Michael Cysouw cysouw@mac.com
Currently, there are many different projects using either Python, R, or even Java or basic C++ for analyses of linguistic data. The basic idea of this project is to make simple wrappers around useful algorithms that can then be piped together in the command line. In this way it might become easier to combine different methods from different implementations. For example to link it to the cldf data export, see here
As a proof-of-concept, we will be collecting various executables here. However, in the future these executables should become part of the published code of any of the projects.
There is no packaging of all dependencies (yet), so you will have to install all dependencies yourself for now. This is the current list of dependencies:
- R https://www.r-project.org with the following CRAN-packages
- docopt
- qlcMatrix
- qlcData
- stringdist
- Python 3 with
- LingPy ...
The input and output of these executables should be as simple as possible, and the functionality be as low-level as possible. The idea is to build higher-level functionality processing complex data files by using pipes of the executables here.
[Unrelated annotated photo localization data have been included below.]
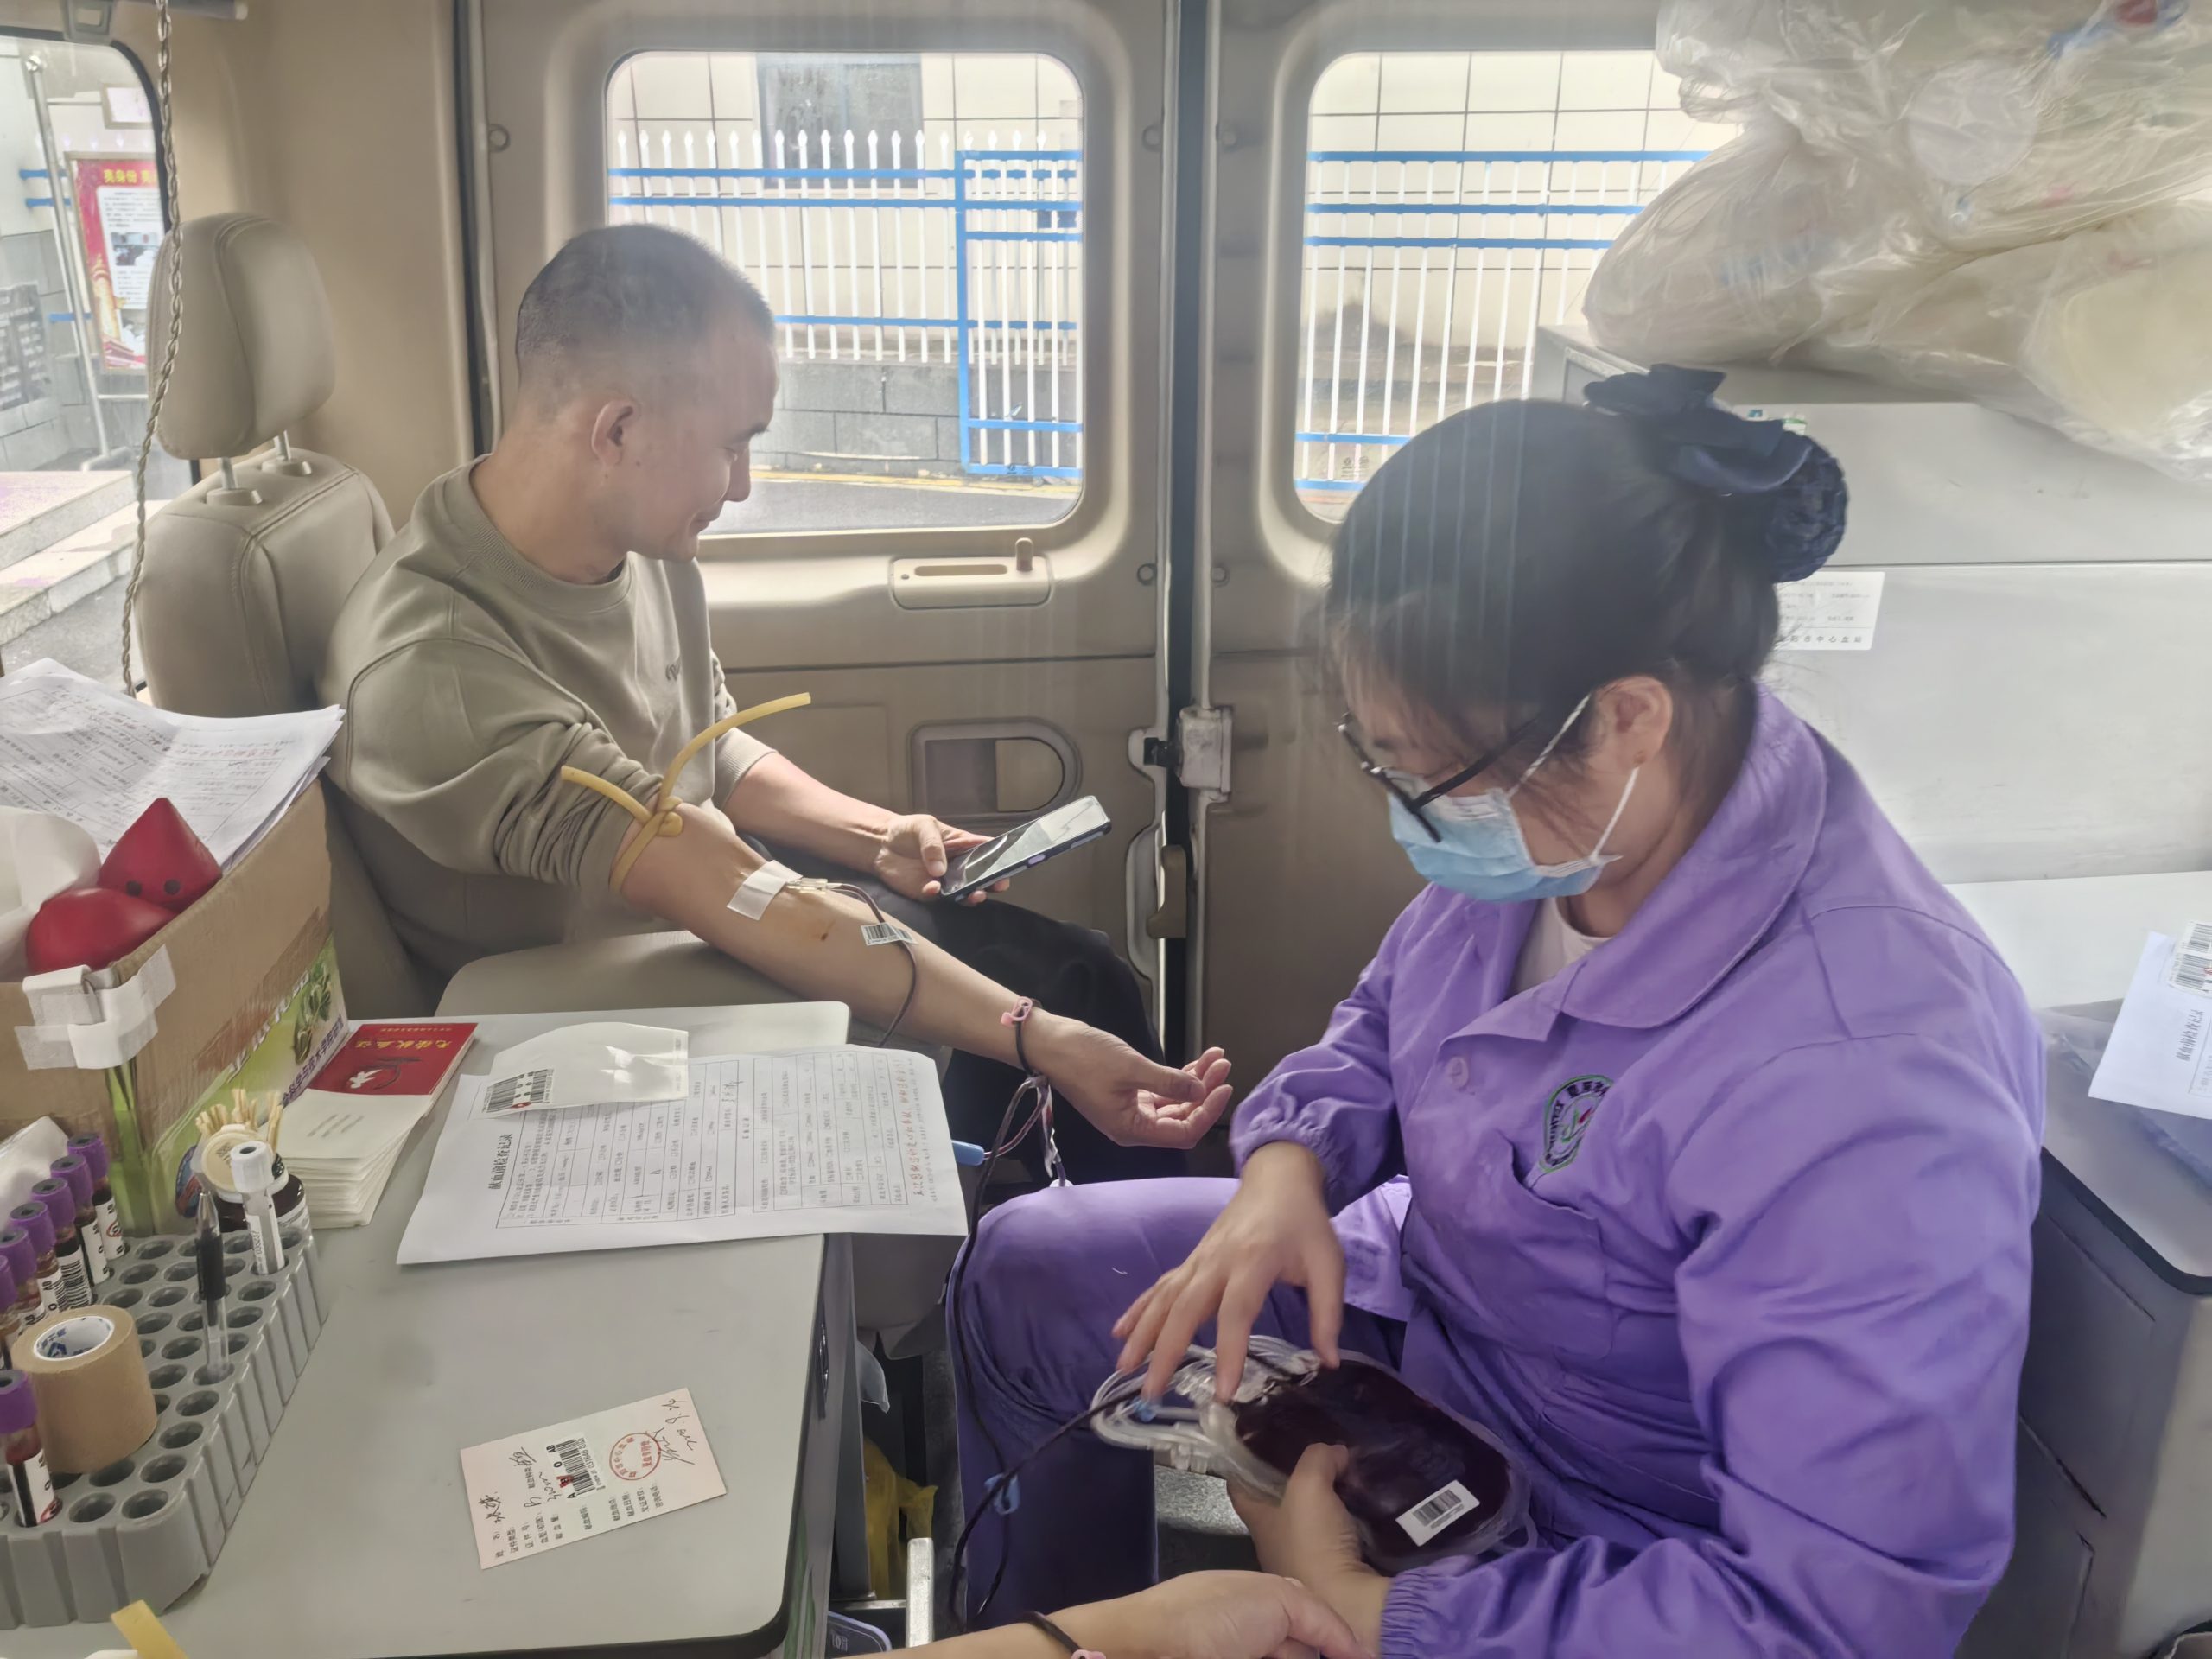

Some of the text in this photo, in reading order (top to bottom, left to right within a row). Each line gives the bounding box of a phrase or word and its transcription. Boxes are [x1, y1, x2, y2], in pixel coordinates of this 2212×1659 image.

[488, 1133, 513, 1191] 献血前检查记录
[546, 1444, 556, 1453] AB
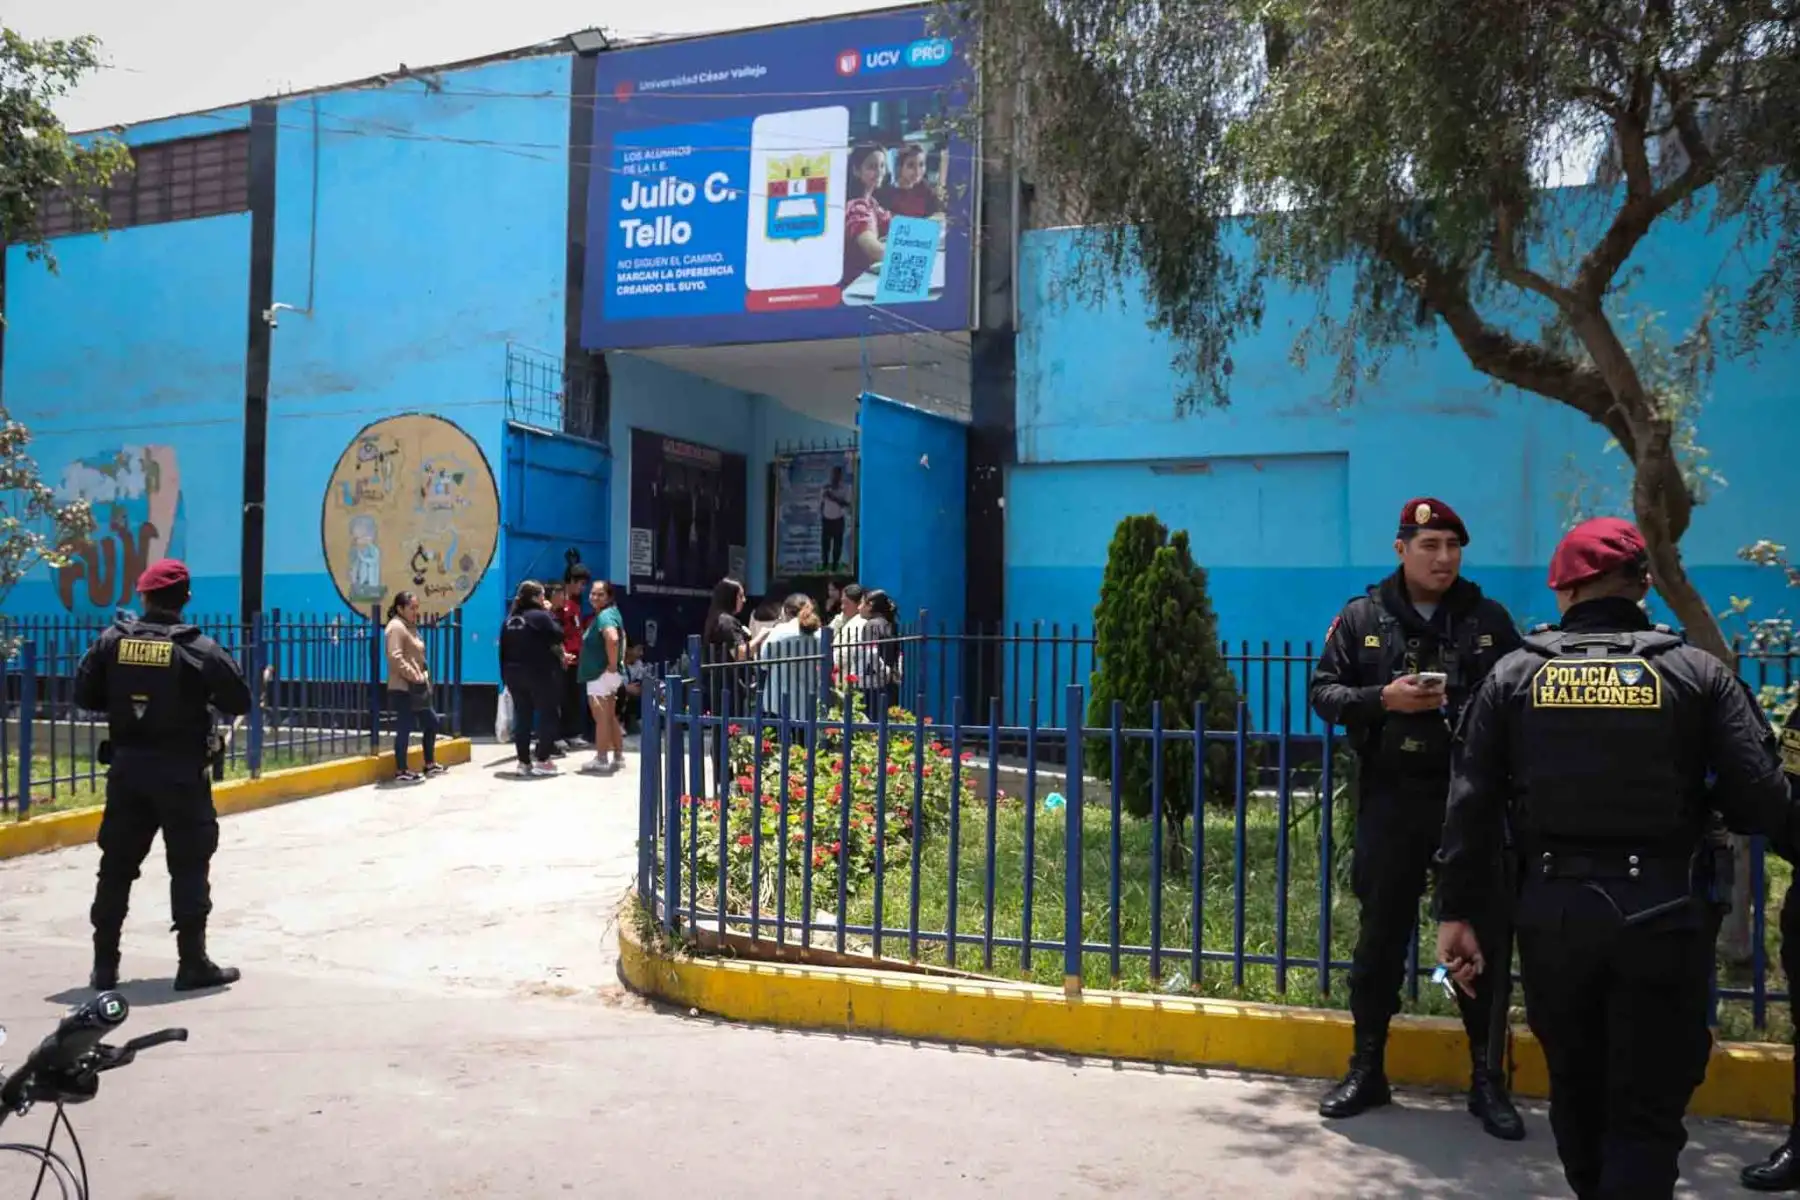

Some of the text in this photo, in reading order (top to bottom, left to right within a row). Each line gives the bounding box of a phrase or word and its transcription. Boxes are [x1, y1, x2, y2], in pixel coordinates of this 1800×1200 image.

[866, 43, 945, 69] UCV PRO
[639, 64, 768, 91] Universidad César Vallejo
[623, 145, 692, 163] LOS ALUMNOS
[623, 163, 637, 175] DE
[638, 162, 651, 173] LA
[621, 171, 737, 211] Julio C.
[620, 215, 692, 249] Tello
[617, 259, 632, 270] NO
[634, 256, 669, 269] SIGUEN
[670, 256, 681, 267] EL
[616, 265, 735, 283] MARCAN LA DIFERENCIA
[616, 280, 707, 297] CREANDO EL SUYO.
[1545, 666, 1621, 687] POLICIA
[1540, 686, 1654, 704] HALCONES
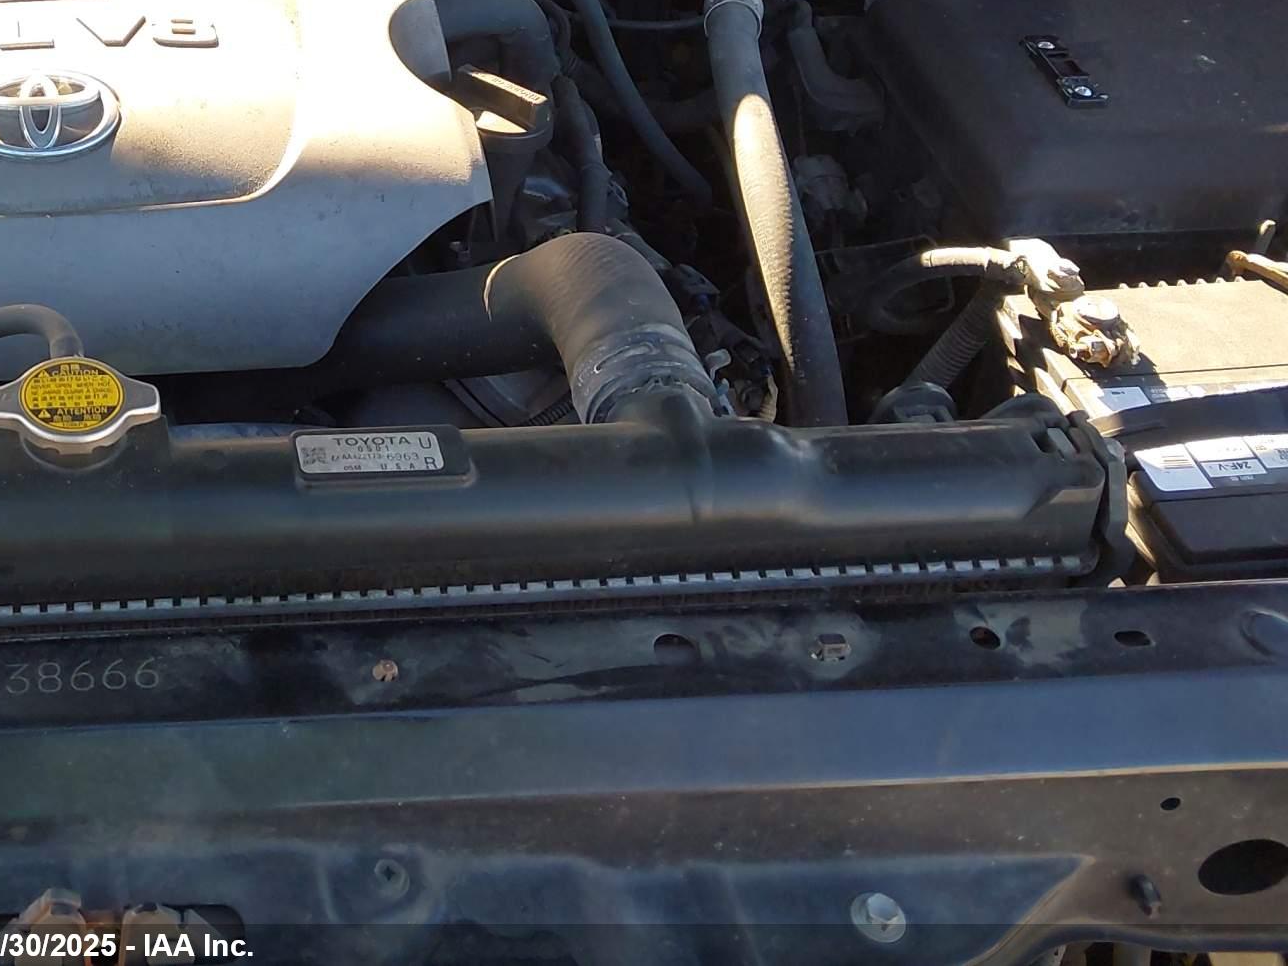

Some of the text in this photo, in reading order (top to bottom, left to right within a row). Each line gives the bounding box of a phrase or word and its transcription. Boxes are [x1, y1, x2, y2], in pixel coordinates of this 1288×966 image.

Basically, there are two kinds of IO-structures currently assumed:
- Line-based lists, i.e. UTF-8 data with LF line breaks in which each item is put on a new line
- Square matrices: pairwise similarities/distances with items separated by tabs, lines separated by LF line breaks
Currently, I would propose to not use CSV-type multi-column files, but (when necessary) use executables with more than one argument to pass multiple columns.
Just for convenience, the executables are organised by underlying code language in this repository.